What you need to do
Reproduce exactly the lines from the one containing "Some of the words" through the last line of the records below, both included. Leave out any pictures.

Provided information
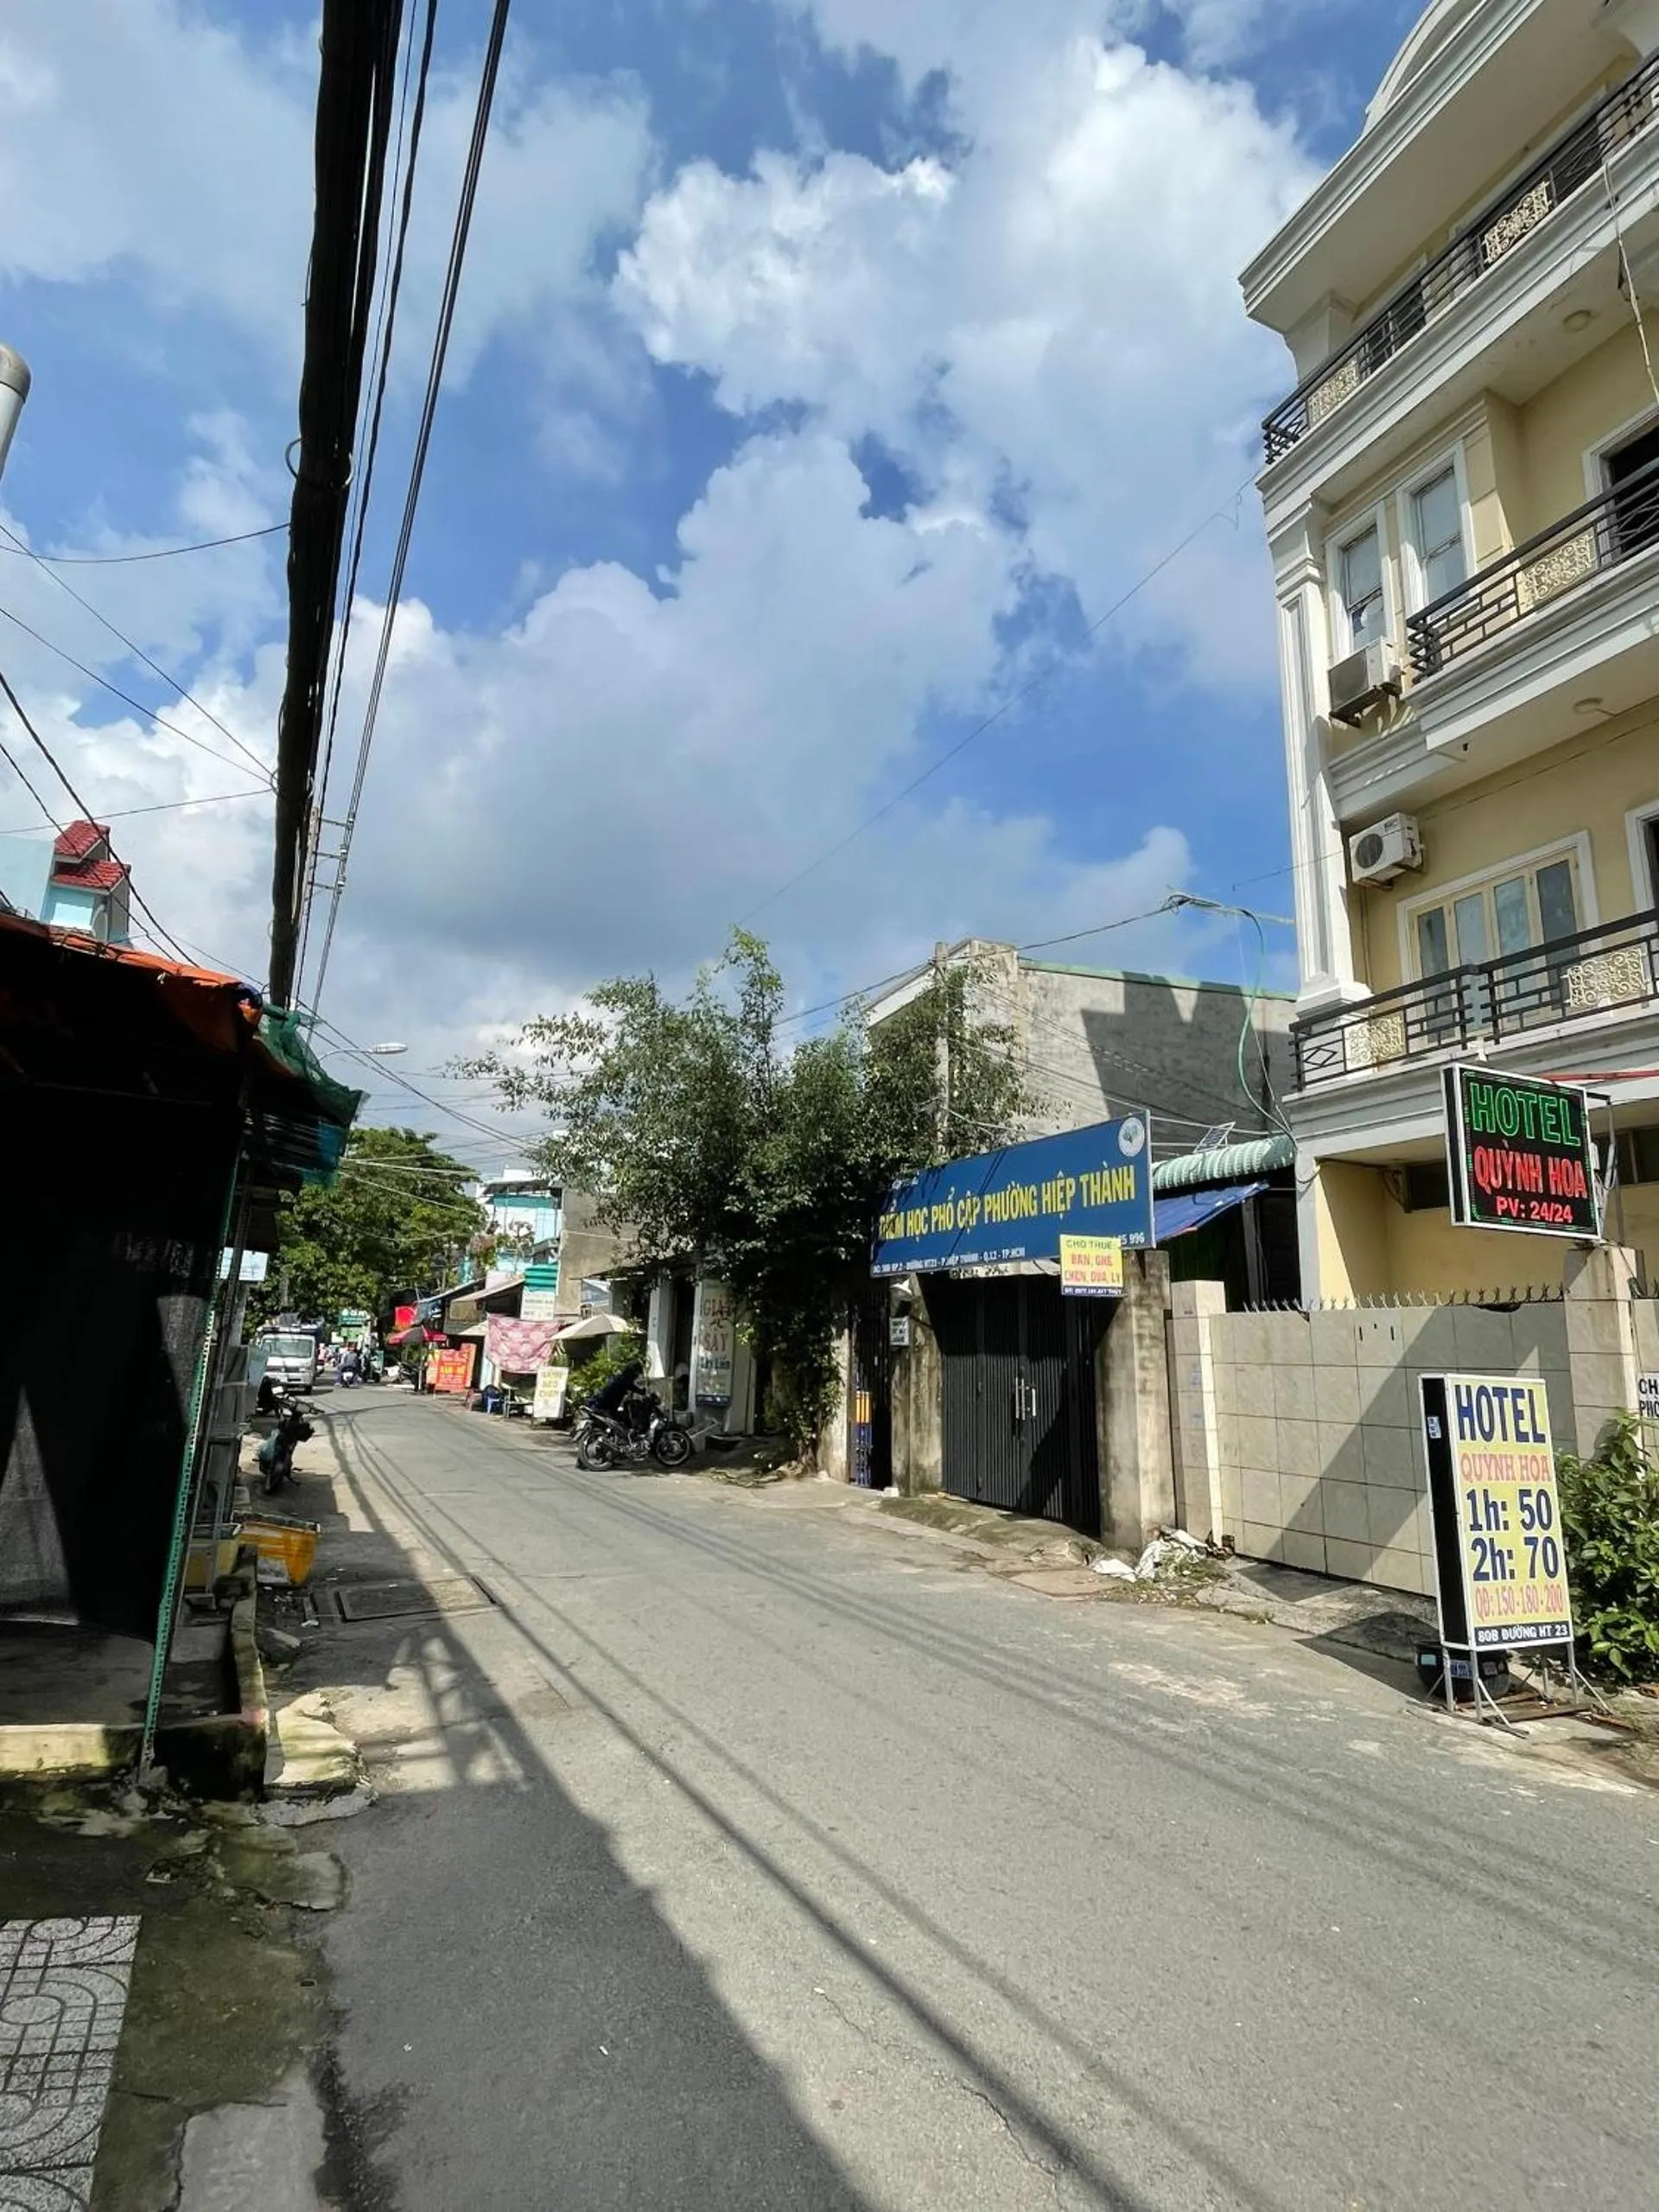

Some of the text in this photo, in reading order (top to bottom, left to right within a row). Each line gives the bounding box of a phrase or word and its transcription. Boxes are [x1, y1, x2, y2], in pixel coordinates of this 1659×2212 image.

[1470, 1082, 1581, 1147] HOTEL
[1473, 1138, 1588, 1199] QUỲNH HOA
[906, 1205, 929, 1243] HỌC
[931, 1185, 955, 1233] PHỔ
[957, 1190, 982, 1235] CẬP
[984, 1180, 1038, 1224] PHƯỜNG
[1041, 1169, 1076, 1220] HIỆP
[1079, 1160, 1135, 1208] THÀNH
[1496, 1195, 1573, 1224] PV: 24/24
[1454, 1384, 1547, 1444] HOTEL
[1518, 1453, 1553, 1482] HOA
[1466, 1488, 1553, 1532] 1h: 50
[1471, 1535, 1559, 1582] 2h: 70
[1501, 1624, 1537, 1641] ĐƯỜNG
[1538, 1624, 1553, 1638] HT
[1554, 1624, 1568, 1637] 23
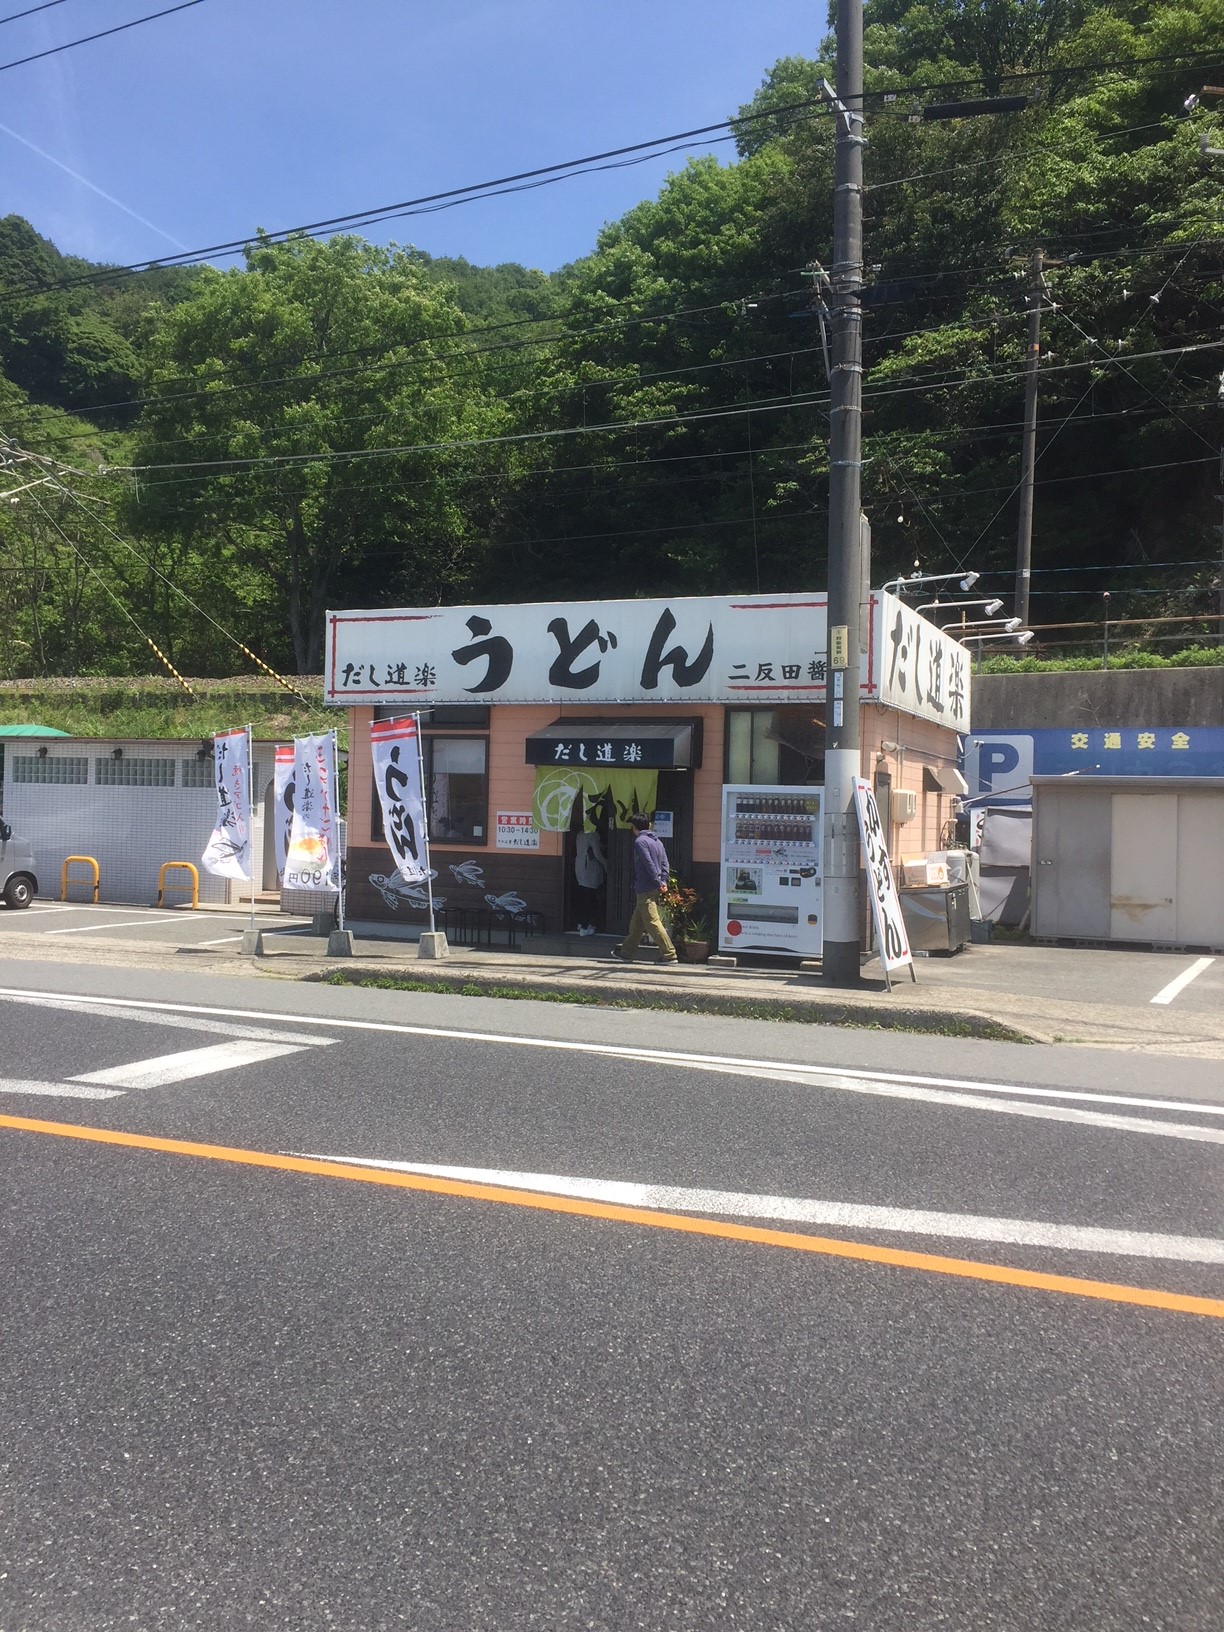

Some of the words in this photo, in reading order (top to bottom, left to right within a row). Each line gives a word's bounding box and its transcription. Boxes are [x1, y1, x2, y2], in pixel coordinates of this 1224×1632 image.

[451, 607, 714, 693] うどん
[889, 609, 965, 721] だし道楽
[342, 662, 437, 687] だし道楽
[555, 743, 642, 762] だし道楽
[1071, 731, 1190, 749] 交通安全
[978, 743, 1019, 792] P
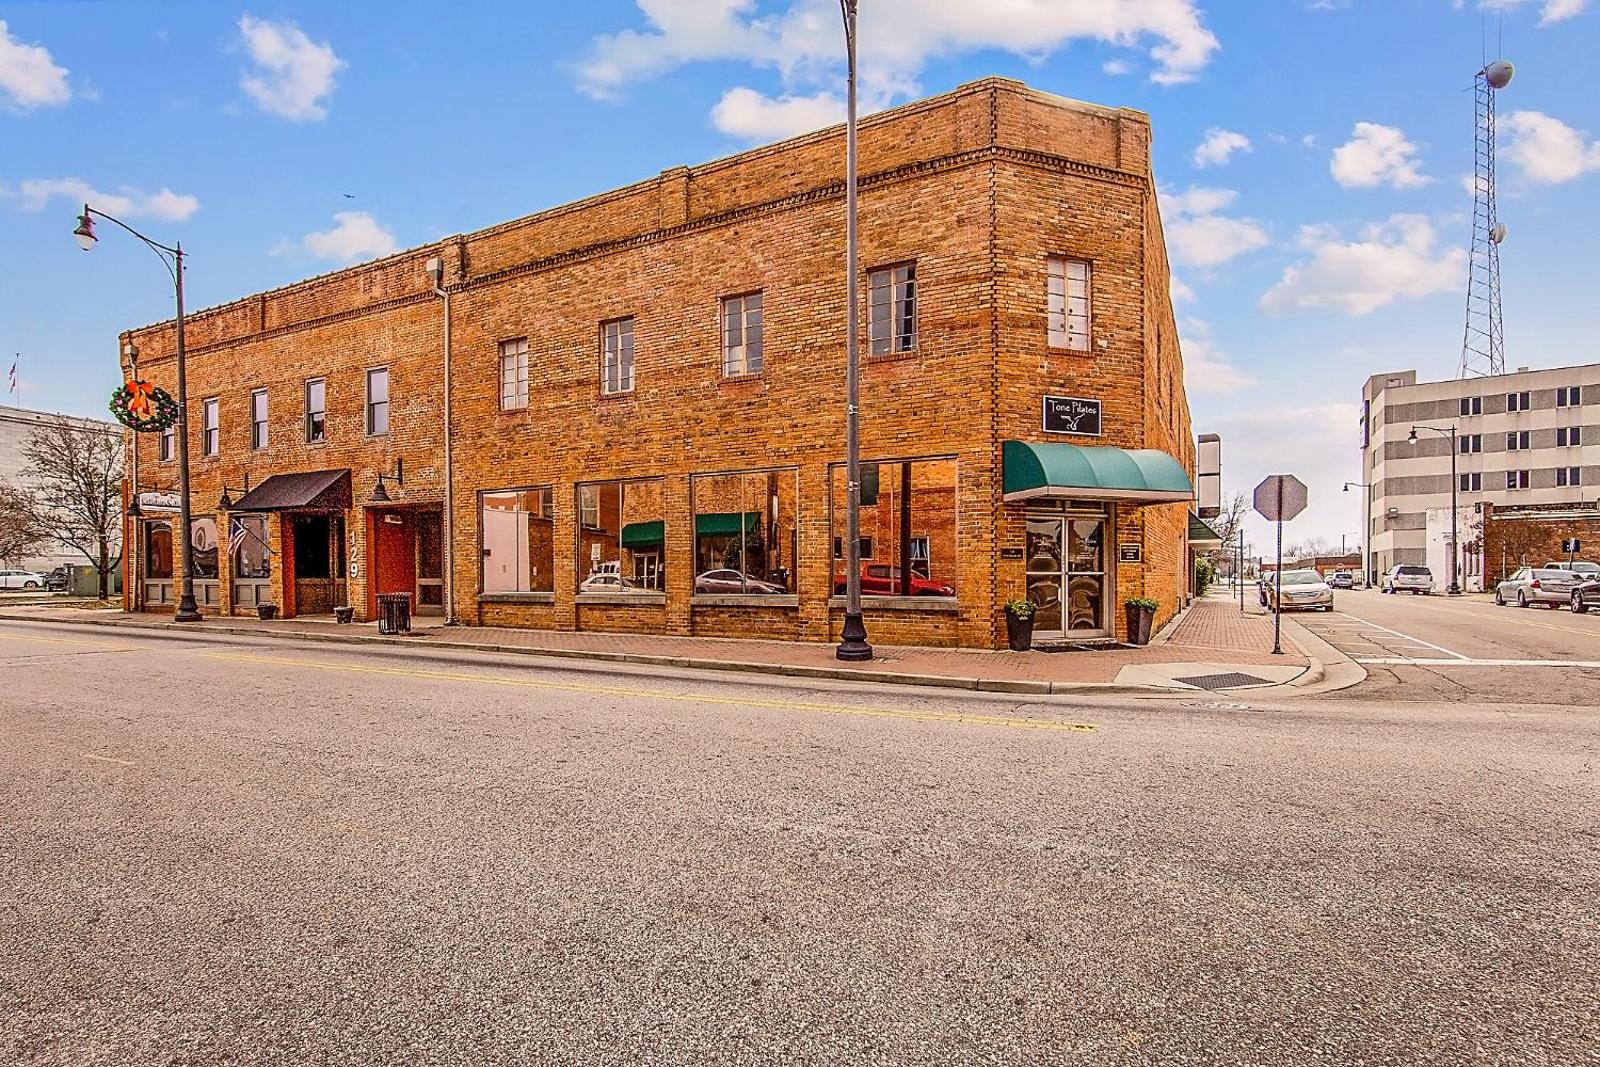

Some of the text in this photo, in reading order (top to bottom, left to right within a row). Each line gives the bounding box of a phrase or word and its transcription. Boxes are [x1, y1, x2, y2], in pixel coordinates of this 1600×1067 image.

Answer area
Some of the words in this photo, in reading order (top to bottom, left to right within a row). Each line gives a word's bounding box and its transcription. Boxes are [x1, y1, x2, y2], in pixel coordinates of this 1224×1632 image.

[451, 607, 714, 693] うどん
[889, 609, 965, 721] だし道楽
[342, 662, 437, 687] だし道楽
[555, 743, 642, 762] だし道楽
[1071, 731, 1190, 749] 交通安全
[978, 743, 1019, 792] P

Some of the text in this photo, in reading order (top to bottom, left to right within a row). Each line gives the bounding box of a phrase or word and its transcription. Boxes are [x1, y1, x2, y2], in pixel coordinates of this 1600×1067 image.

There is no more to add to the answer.